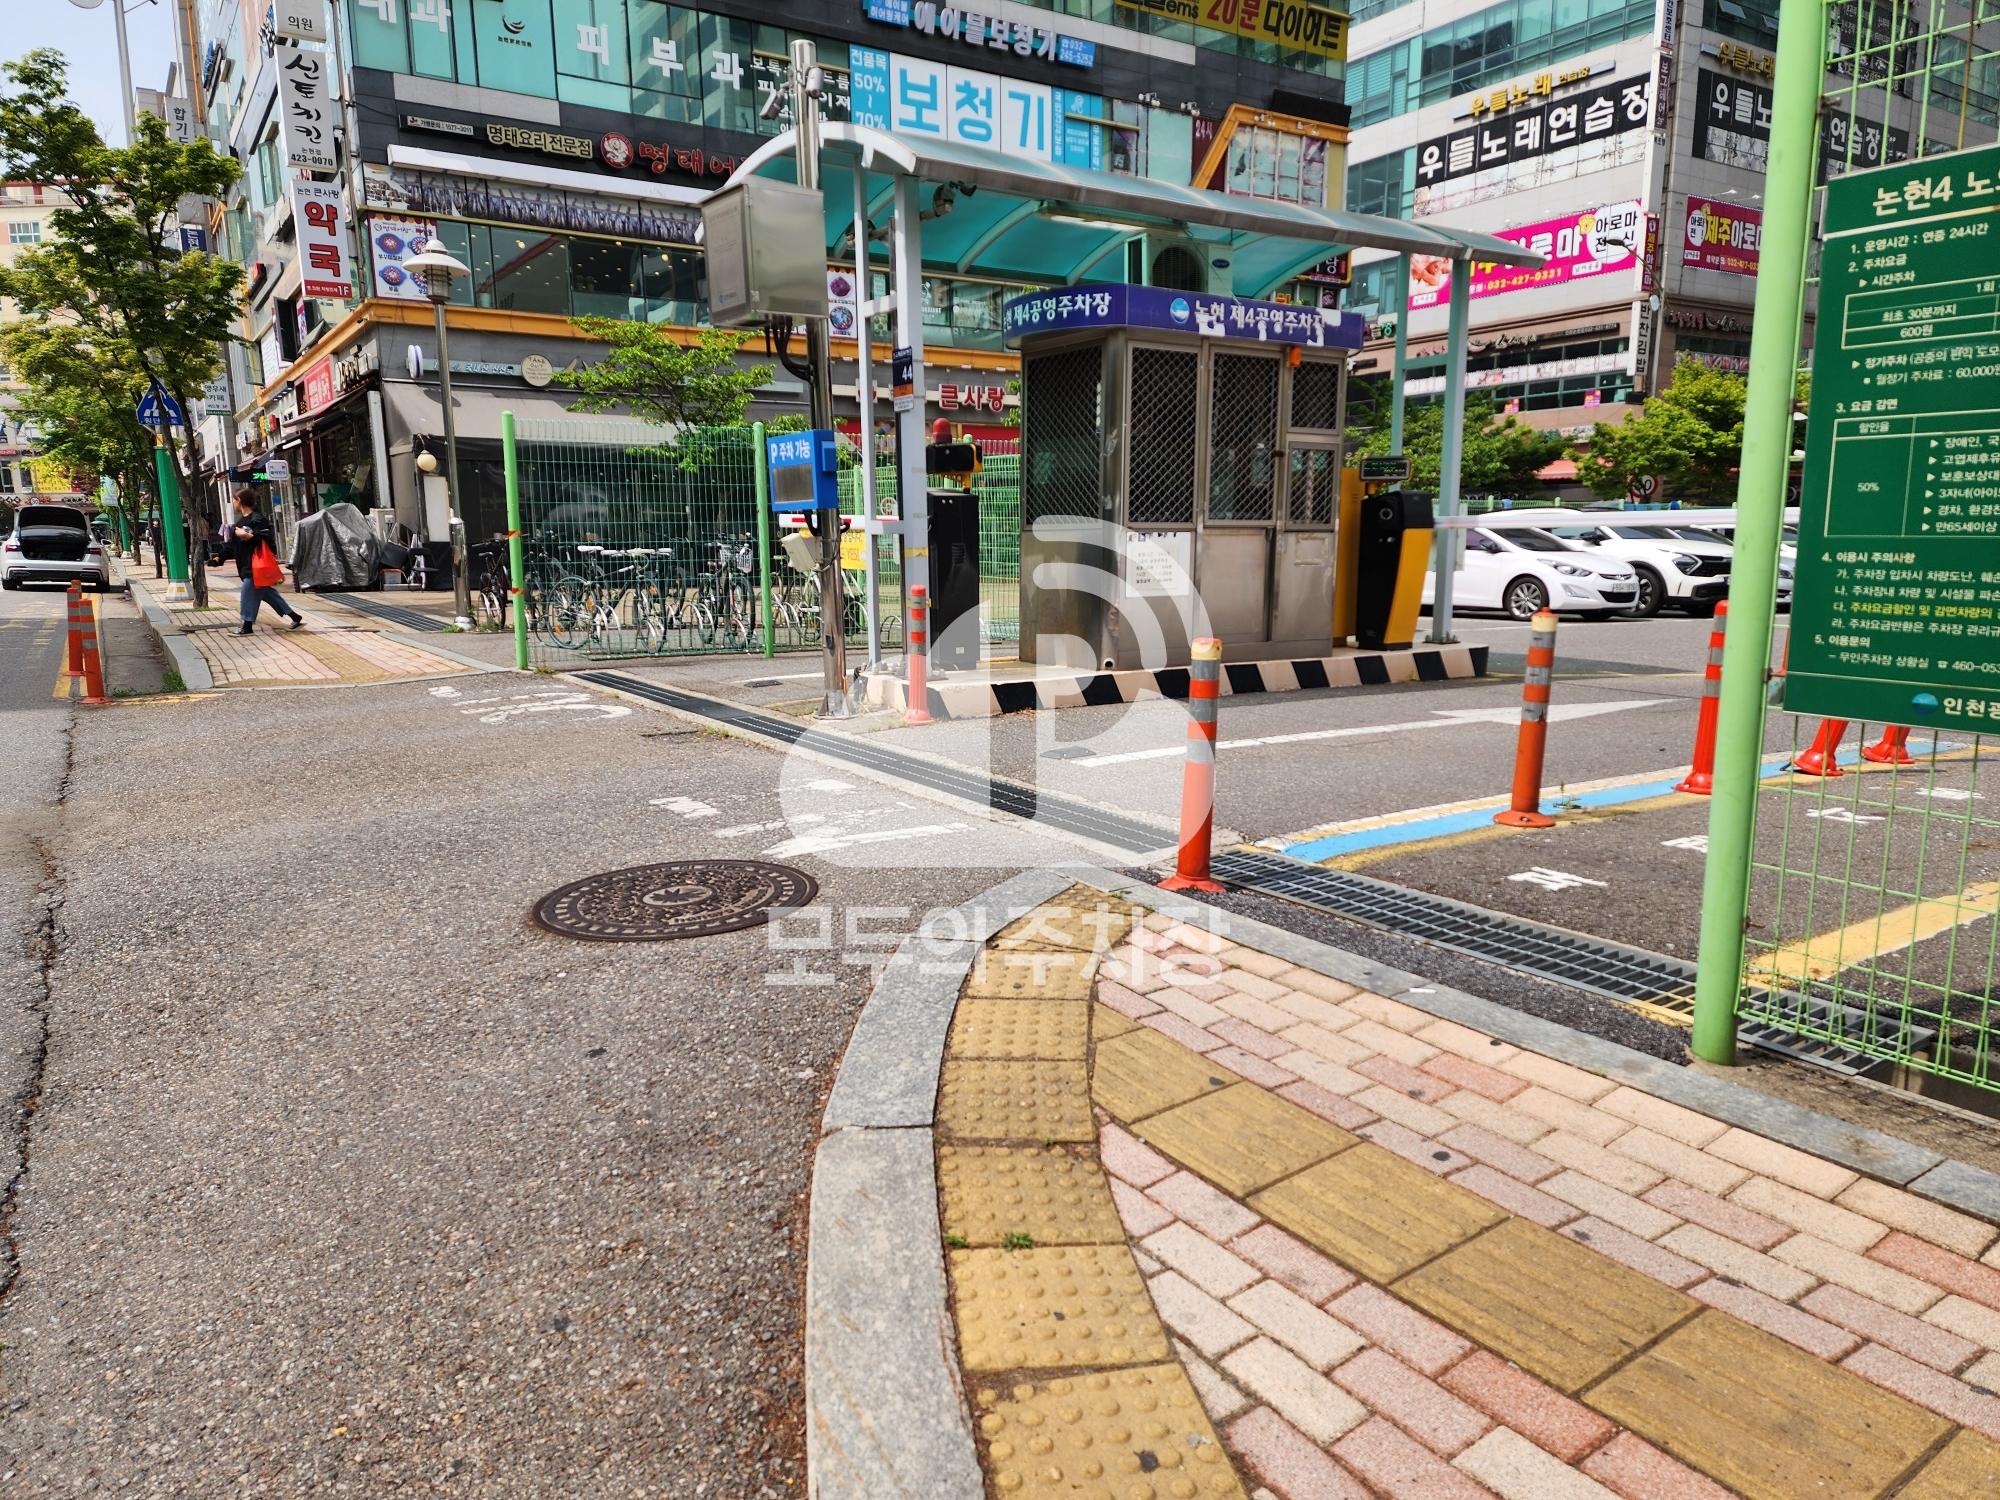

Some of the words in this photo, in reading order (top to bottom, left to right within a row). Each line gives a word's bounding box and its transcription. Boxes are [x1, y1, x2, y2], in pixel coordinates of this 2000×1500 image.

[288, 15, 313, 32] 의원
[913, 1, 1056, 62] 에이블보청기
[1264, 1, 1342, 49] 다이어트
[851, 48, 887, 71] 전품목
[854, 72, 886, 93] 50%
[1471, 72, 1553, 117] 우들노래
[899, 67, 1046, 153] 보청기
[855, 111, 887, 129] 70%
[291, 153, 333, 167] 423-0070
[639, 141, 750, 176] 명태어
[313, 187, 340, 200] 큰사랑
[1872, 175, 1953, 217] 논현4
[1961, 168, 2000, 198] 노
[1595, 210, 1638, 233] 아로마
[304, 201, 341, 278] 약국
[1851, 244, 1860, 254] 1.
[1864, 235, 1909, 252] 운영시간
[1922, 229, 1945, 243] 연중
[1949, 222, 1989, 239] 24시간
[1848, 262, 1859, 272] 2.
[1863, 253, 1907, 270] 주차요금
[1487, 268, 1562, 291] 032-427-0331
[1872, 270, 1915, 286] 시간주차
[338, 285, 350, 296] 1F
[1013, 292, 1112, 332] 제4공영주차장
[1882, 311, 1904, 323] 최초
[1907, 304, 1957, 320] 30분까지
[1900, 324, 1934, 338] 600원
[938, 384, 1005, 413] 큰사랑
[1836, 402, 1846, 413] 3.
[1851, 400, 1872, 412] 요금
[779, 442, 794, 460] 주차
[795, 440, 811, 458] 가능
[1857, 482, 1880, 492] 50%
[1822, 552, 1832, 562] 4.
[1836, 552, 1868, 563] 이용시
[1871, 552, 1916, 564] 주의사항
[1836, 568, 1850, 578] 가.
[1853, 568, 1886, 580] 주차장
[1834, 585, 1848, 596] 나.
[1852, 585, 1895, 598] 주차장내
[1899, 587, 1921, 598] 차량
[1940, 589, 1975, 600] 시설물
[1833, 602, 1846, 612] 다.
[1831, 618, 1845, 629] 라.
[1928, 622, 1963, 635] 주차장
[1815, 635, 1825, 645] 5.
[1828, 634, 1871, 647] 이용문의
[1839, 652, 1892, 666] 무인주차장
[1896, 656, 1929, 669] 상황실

◆ **WHAT TO WORK ON**:
All of the entries above are to be duplicated exactly, with every image left out.

◆ **EXERCISE ANSWER**:
Some of the words in this photo, in reading order (top to bottom, left to right within a row). Each line gives a word's bounding box and its transcription. Boxes are [x1, y1, x2, y2], in pixel coordinates of this 2000×1500 image.

[288, 15, 313, 32] 의원
[913, 1, 1056, 62] 에이블보청기
[1264, 1, 1342, 49] 다이어트
[851, 48, 887, 71] 전품목
[854, 72, 886, 93] 50%
[1471, 72, 1553, 117] 우들노래
[899, 67, 1046, 153] 보청기
[855, 111, 887, 129] 70%
[291, 153, 333, 167] 423-0070
[639, 141, 750, 176] 명태어
[313, 187, 340, 200] 큰사랑
[1872, 175, 1953, 217] 논현4
[1961, 168, 2000, 198] 노
[1595, 210, 1638, 233] 아로마
[304, 201, 341, 278] 약국
[1851, 244, 1860, 254] 1.
[1864, 235, 1909, 252] 운영시간
[1922, 229, 1945, 243] 연중
[1949, 222, 1989, 239] 24시간
[1848, 262, 1859, 272] 2.
[1863, 253, 1907, 270] 주차요금
[1487, 268, 1562, 291] 032-427-0331
[1872, 270, 1915, 286] 시간주차
[338, 285, 350, 296] 1F
[1013, 292, 1112, 332] 제4공영주차장
[1882, 311, 1904, 323] 최초
[1907, 304, 1957, 320] 30분까지
[1900, 324, 1934, 338] 600원
[938, 384, 1005, 413] 큰사랑
[1836, 402, 1846, 413] 3.
[1851, 400, 1872, 412] 요금
[779, 442, 794, 460] 주차
[795, 440, 811, 458] 가능
[1857, 482, 1880, 492] 50%
[1822, 552, 1832, 562] 4.
[1836, 552, 1868, 563] 이용시
[1871, 552, 1916, 564] 주의사항
[1836, 568, 1850, 578] 가.
[1853, 568, 1886, 580] 주차장
[1834, 585, 1848, 596] 나.
[1852, 585, 1895, 598] 주차장내
[1899, 587, 1921, 598] 차량
[1940, 589, 1975, 600] 시설물
[1833, 602, 1846, 612] 다.
[1831, 618, 1845, 629] 라.
[1928, 622, 1963, 635] 주차장
[1815, 635, 1825, 645] 5.
[1828, 634, 1871, 647] 이용문의
[1839, 652, 1892, 666] 무인주차장
[1896, 656, 1929, 669] 상황실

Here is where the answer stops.